¡Qué difícil se ha vuelto en Chile intentar un análisis objetivo de las cosas! Pareciera que la lógica maniquea de los buenos y los malos hubiese inundado inexorablemente nuestro entorno. Por lo mismo, es complejo hacer un balance del tiempo transcurrido desde que el 4 de julio pasado, la secretaria relatora del Tribunal Calificador de Elecciones, Carmen Gloria Valladares, pronunciara esa frase solemne: “Desde ahora ustedes no son convencionales electos; son convencionales propiamente tales”. Todo se ha dado muy rápido desde entonces: la elección de la presidenta y del vicepresidente, las dificultades para que comenzara a sesionar la Convención Constitucional, el inicio de un proceso de construcción de confianzas que pareciera ser mucho más tortuoso de lo que se preveía.
Pero, como un análisis objetivo supone situarse como un espectador imparcial, ese desafío nos lleva hoy a evaluar el primer mes de funcionamiento de la Convención Constitucional, tanto en sus aspectos positivos como negativos.

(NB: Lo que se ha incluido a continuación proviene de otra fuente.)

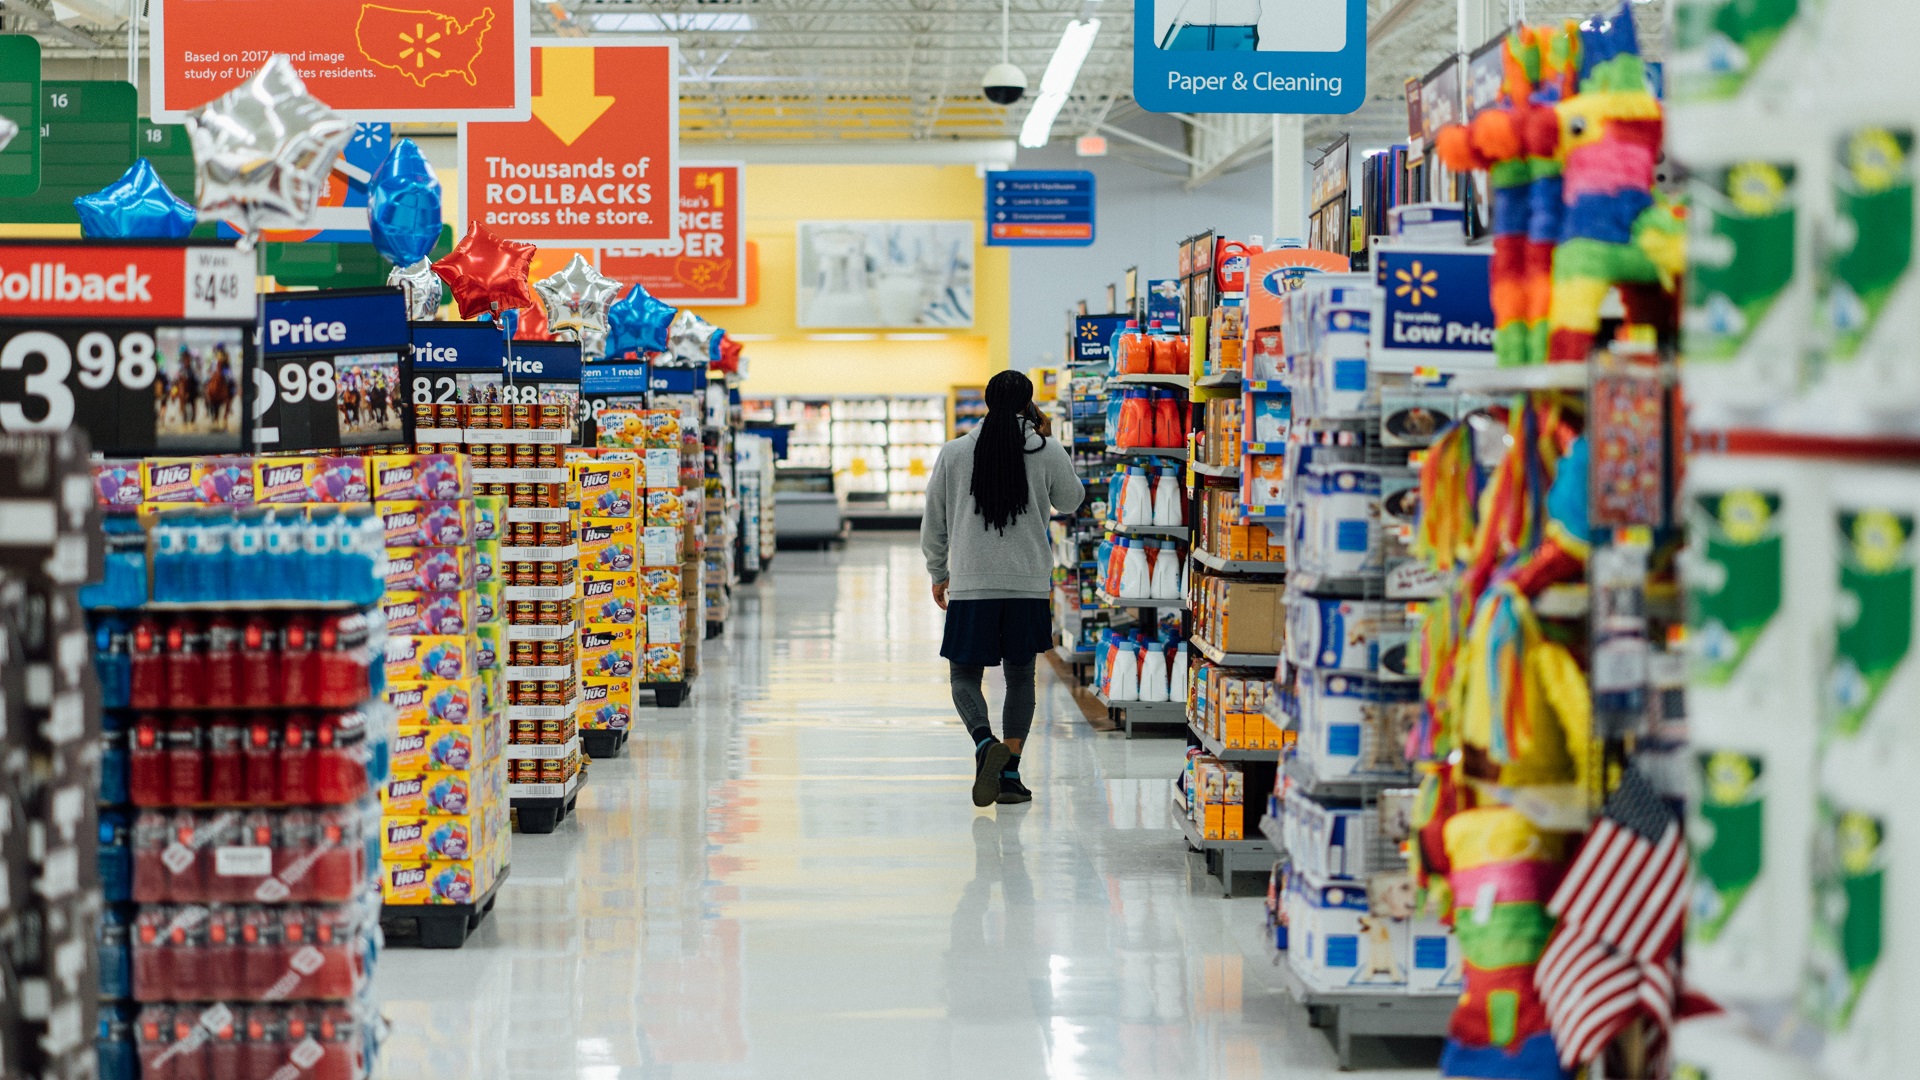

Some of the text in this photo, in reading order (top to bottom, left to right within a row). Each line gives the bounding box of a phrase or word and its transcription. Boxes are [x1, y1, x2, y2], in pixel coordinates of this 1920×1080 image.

[184, 51, 220, 62] Based
[223, 54, 238, 62] on
[242, 50, 268, 62] 2017
[309, 51, 344, 64] image
[184, 68, 216, 81] study
[220, 68, 233, 78] of
[319, 68, 376, 78] residents.
[1168, 71, 1342, 97] Paper & Cleaning
[50, 94, 68, 108] 16
[146, 129, 162, 143] 18
[485, 156, 651, 179] Thousands of
[486, 183, 652, 205] ROLLBACKS
[695, 172, 724, 208] #1
[486, 208, 653, 225] across the store.
[679, 212, 724, 230] RICE
[0, 263, 151, 301] ollback
[270, 316, 346, 345] Price
[1393, 322, 1444, 344] Low
[1446, 322, 1497, 344] Pric
[1082, 346, 1102, 356] Low
[618, 366, 642, 376] meal
[155, 468, 190, 486] HUG
[268, 468, 302, 487] HUG
[384, 468, 412, 485] HUG
[584, 474, 608, 487] HUG
[388, 514, 416, 530] HUG
[588, 582, 612, 596] HUG
[388, 605, 416, 620] HUG
[394, 690, 422, 706] HUG
[584, 688, 606, 700] HUG
[395, 736, 424, 753] HUG
[392, 782, 420, 797] HUG
[392, 827, 420, 843] HUG
[396, 870, 424, 886] HUG

En lo positivo destaca la superación de los temas logísticos que complicaron la instalación efectiva de la Convención en el recinto del histórico Congreso Nacional. Más allá de los dimes y diretes entre la Mesa de aquella y el Gobierno, lo importante es que se ha podido sesionar y adoptar acuerdos. Y ello ha sido posible con la valiosa colaboración de sectores de la sociedad civil como el Colegio Médico y las universidades, que han puesto sus mejores esfuerzos para apoyar el trabajo de este nuevo órgano del Estado.
También resulta digna de relevar la instalación y funcionamiento de la Comisión de Reglamento, una de cuyas coordinadoras es una académica especialista en temas constitucionales que ha mostrado ejecutividad y buen criterio en las primeras decisiones adoptadas. Entre ellas, la de promover la participación de personas e instituciones que entreguen sus aportes para materializar, en el plazo de treinta días, las reglas de funcionamiento de la Convención para el cumplimiento de su tarea de proponer al país el texto de una nueva Carta Fundamental. Este cuerpo normativo está llamado a ser, ni más ni menos, que la columna vertebral que sostenga el trabajo de la Convención en los once meses restantes para concluir su misión.
En lo negativo, lo primero que llama nuestra atención es la estructura increíblemente engorrosa de que se ha dotado la Convención. La Mesa cuenta hoy con una presidencia y con ocho vicepresidencias (siete son adjuntas), cuyas funciones aún no están del todo claras. Del mismo modo, el hecho de que las ocho comisiones aprobadas para esta fase transitoria cuenten con dos coordinadores cada una levanta la legítima pregunta acerca de cómo lograrán concordar en un trabajo que sea realmente expedito y ágil. ¿Y por qué ocurre todo esto? Simplemente, porque se ha vuelto una obsesión la representatividad de la diversidad que caracteriza a nuestro país, como si no bastara la paridad de género y los escaños reservados a los pueblos originarios con que se eligió a la Convención, que muchos creíamos que estaba llamada a dar fruto en una Constitución más inclusiva y plural, pero no en una Convención hiperdiversificada. Quienes hemos integrado órganos colegiados sabemos que el carácter liviano de las estructuras decisionales es uno de los mejores aliados para la adopción de decisiones oportunas y eficaces.
Del mismo modo, preocupa, en un sentido negativo, la adopción de acuerdos y el tratamiento de temas, al interior de la Convención, que no se relacionan con su único cometido de redactar una nueva Constitución. Y es que la Convención no es una Comisión de Verdad, no es un apéndice del Congreso Nacional ni tampoco reemplaza al Ministerio Público y a los tribunales. Y, si de contexto se trata, este debiera ser asumido como diagnóstico o punto central de las prescripciones constitucionales que han de debatirse y no de otra forma.
Por último, la polarización de posiciones que hemos observado en el primer mes de funcionamiento de la Convención no es auspiciosa. Con el sistema de trincheras y con la sordera frente a posiciones moderadas y razonables, como las de Agustín Squella, será difícil el avance que las chilenas y chilenos esperamos.